Clark Green United Methodist Church volunteers will embark on their 25th service trip to Central Appalachia from June 26 to July 4.
"The Appalachian Service project (ASP) is a relational Christian housing ministry that works to make housing for Central Appalachia warmer, safer and drier," according to the Clarks Green United Methodist Church website. "We make changes in the living conditions we serve, but the impact of relationships we build with the families, other volunteers and the staff is far reaching."
The Appalachia Service Project members volunteer in Virginia, West Virginia, Kentucky, Tennessee and North Carolina. The Clarks Green United Methodist Church youth group spends most of its time volunteering in Virginia and West Virginia.
"We started with a group of 13 volunteers and have groups as large as 50," said Susan Wittmann, coordinator. "The last few years, we have had 20-25 volunteers. One of our group's youth ministers heard about the organization at a youth conference and brought the idea back to some very enthusiastic leaders who worked hard to make the trip happen.
"The mission stresses relationships with the families. Construction is considered the second priority. You get to know the people well, being in their home seven to eight hours a day for a week. Most families are hard to leave at the end of the week and there are lots of tears from families and volunteers."
The volunteer group has included youth from the Abingtons, Scranton and Lackawanna Trail. The First Presbyterian Church, Chinchilla United Methodist Church, Clarks Summit United Methodist Church and Church of the Epiphany in Clarks Summit all support the project as well as Saint Patrick's in Scranton. The group meets throughout the year to learn about the Appalachia culture and construction skills.

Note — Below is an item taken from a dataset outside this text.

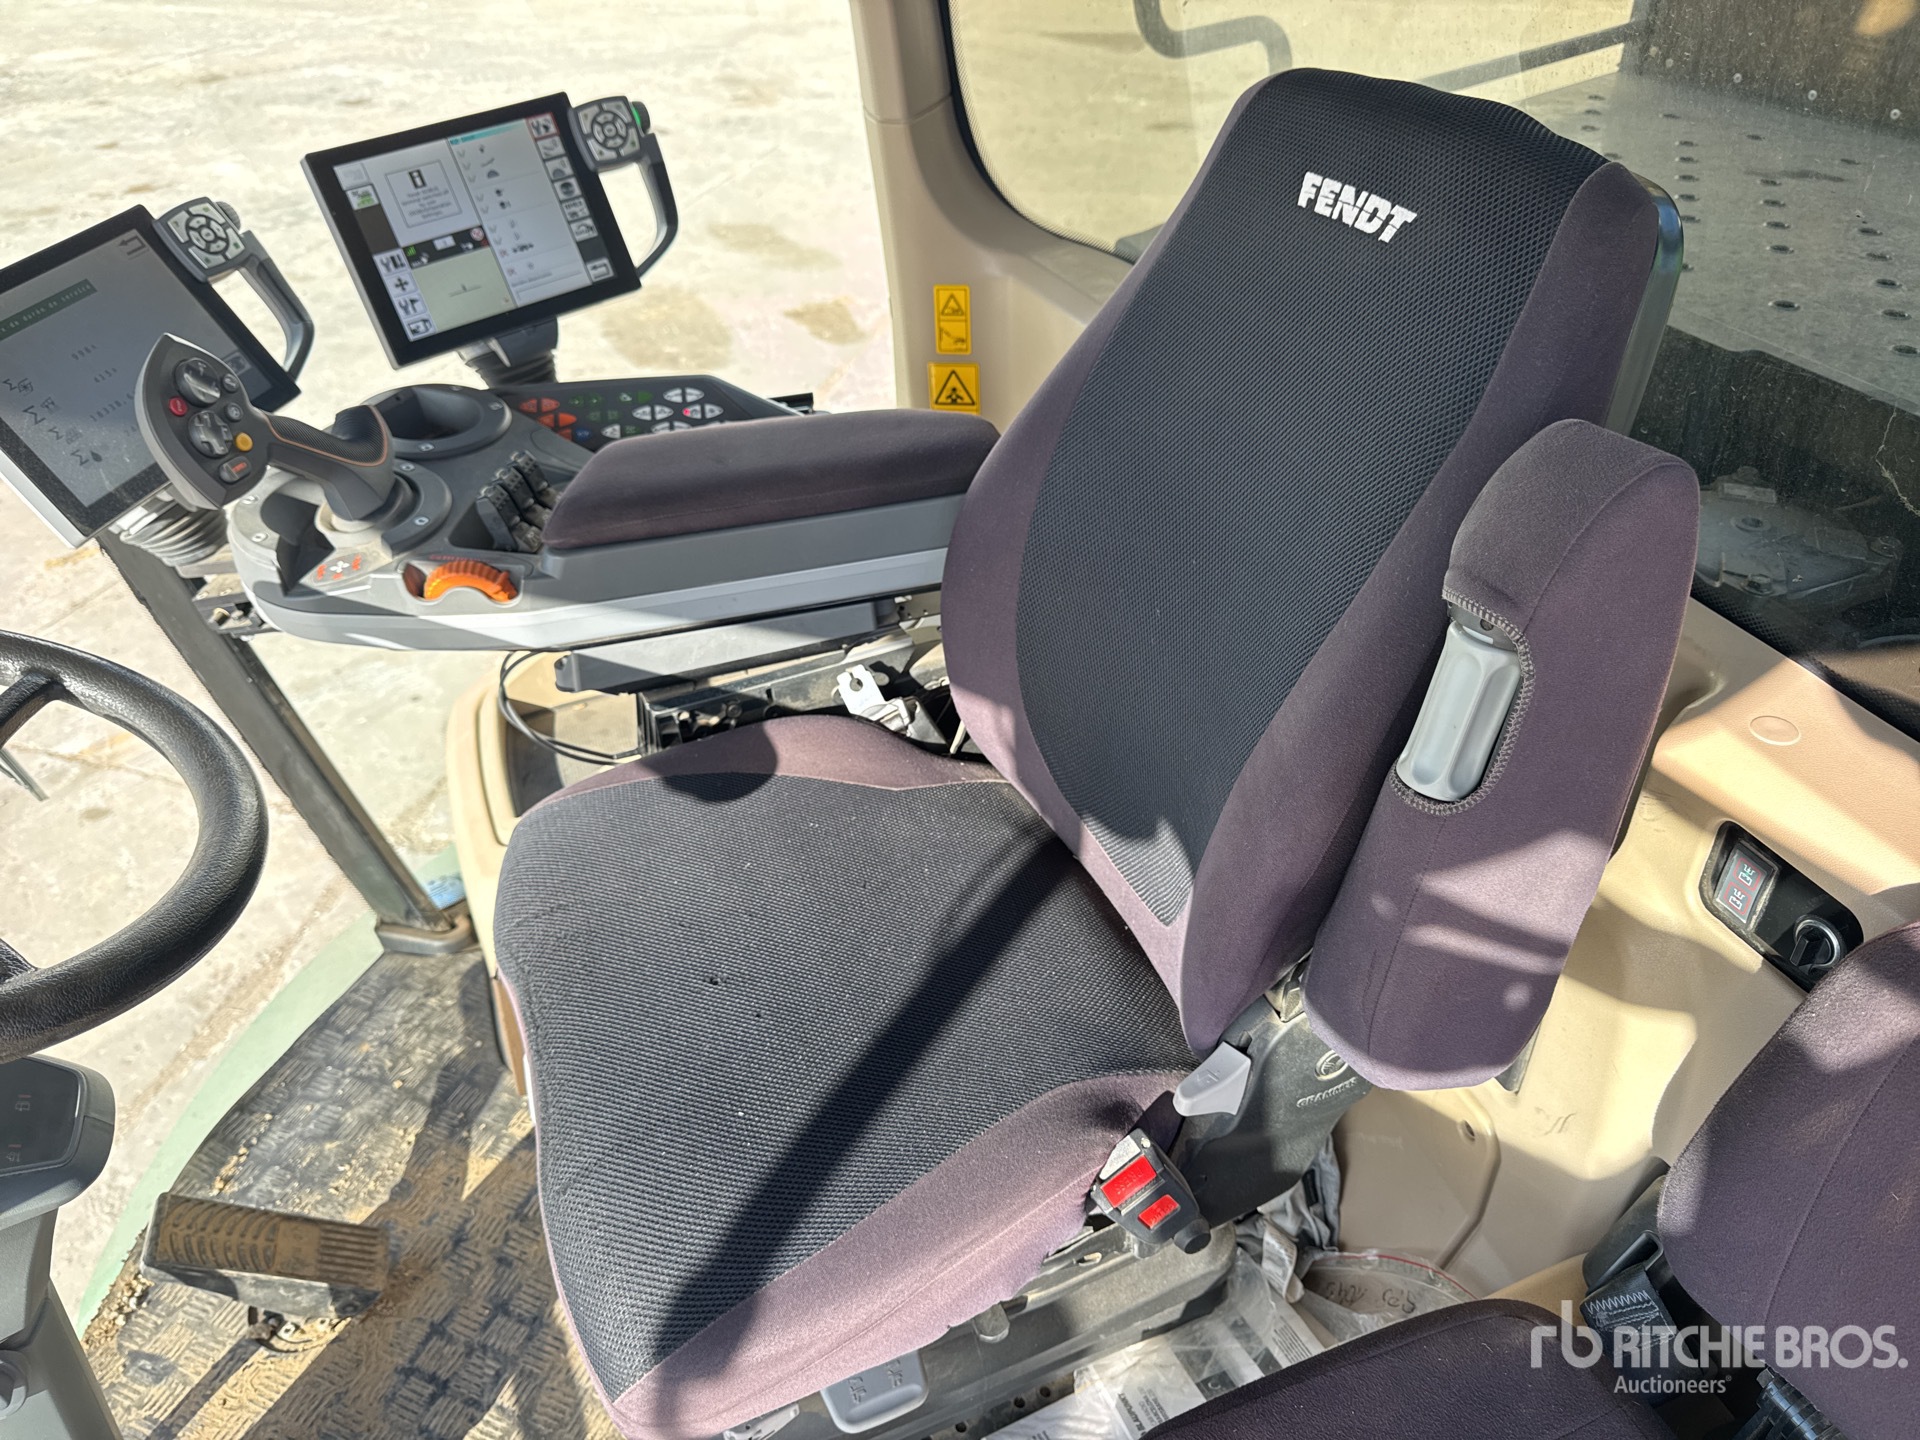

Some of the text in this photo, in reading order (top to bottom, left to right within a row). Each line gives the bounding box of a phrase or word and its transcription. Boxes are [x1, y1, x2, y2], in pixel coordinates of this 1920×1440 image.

[1297, 171, 1418, 243] FENDT
[1112, 1167, 1145, 1195] PRESS
[1118, 1392, 1146, 1432] BLAUPUNKT

The repairs made include roofing, additions, flooring, insulation and drywall, siding and wheelchair ramps. Projects may be started one week by a group and continued for the next few weeks of the summer by multiple groups before it is completed.

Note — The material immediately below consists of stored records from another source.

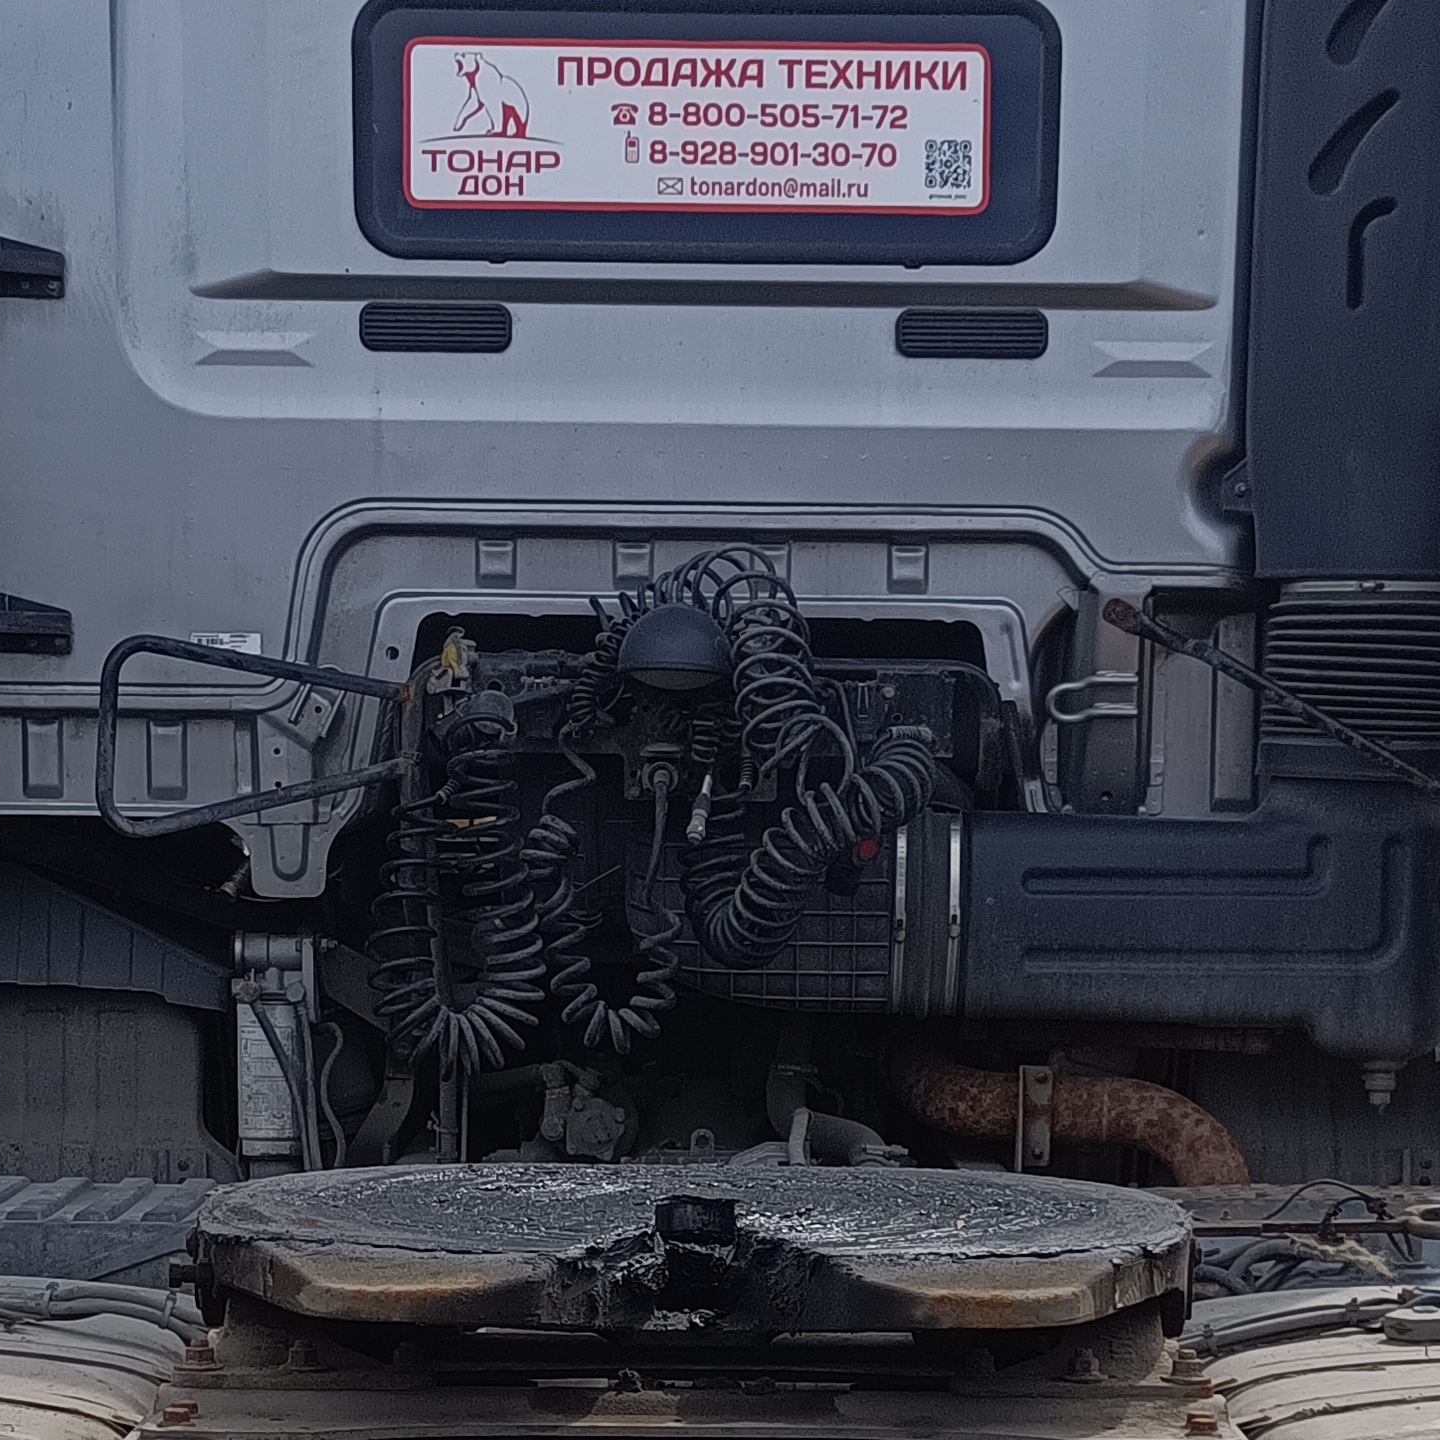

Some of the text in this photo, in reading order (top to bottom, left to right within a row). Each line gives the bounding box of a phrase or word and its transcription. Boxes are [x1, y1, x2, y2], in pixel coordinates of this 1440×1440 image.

[557, 56, 968, 91] ПРОДАЖА ТЕХНИКИ
[647, 101, 908, 130] 8-800-505-71-72
[421, 149, 561, 174] ТОНАР
[648, 139, 898, 168] 8-928-901-30-70
[457, 175, 525, 196] ДОН
[689, 176, 870, 200] tonardon@mail.ru

Volunteers stay on cots or air mattresses in schools in the area rented for the summer by Appalachia Service project. They also employ some of the cafeteria staff from the schools to cook dinner for the volunteers. This gives them employment for the summer and helps the community. As does the purchasing of building materials in the community and the money spent by volunteers for food, snacks and nightly ice cream trips.
"We're always being asked to send money and equipment overseas to poor countries," said Krista Dietrich on the church's website. "I don't think we realize that the same conditions of poverty are found in our country as well. I think it's kind of sad that we have people here in one of the richest countries of the world that don't have electricity and running water in their homes and yet this is what we saw on our ASP trips."

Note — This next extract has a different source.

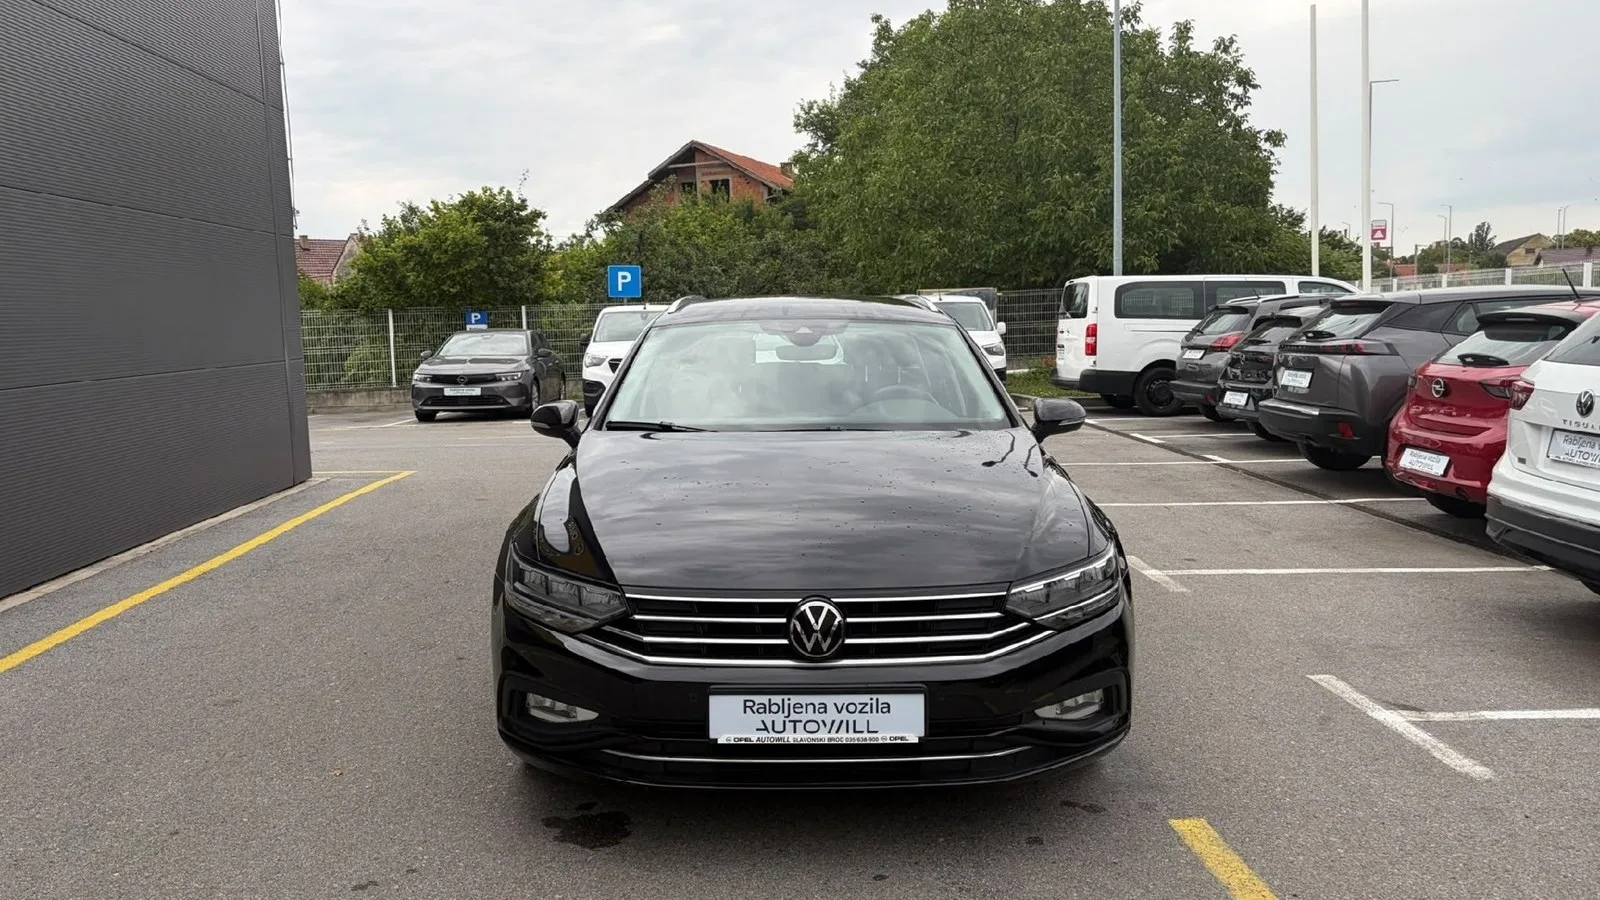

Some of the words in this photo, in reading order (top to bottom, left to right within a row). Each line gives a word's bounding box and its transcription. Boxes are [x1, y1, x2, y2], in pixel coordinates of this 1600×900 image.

Pastor John Bondhus said the trip has a lasting impact on the students who go.
"The kids have always appreciated the exposure that they receive on the trip," Bondhus said. "Seeing how people live in another part of our country gives them a greater appreciation for the work that they do on the trip and helps them to have a greater level of compassion and empathy for those in need in our world. They always speak about connecting with the families that they are helping and the relationships that they build together on this trip.
"From my perspective, the kids return home a little more mature and a little more grown up. They have seen families that are in really difficult situations and those experiences have left an indelible mark on their hearts that will be a guidepost for them throughout life."
Fundraisers are held throughout the year including a homemade Christmas candy sale, hoagie sales, bake sales, Applebee's breakfast and the sale of hand-built chairs and picnic tables to offset the costs.
"We enjoy watching the youth grow, not only in construction skills, but in their understanding of the people of Appalachia and the world," said Wittmann. "Volunteering for ASP has become part of the lives of more than 350 youth in our area and many have gone on to continue volunteering for ASP and other groups during their college years."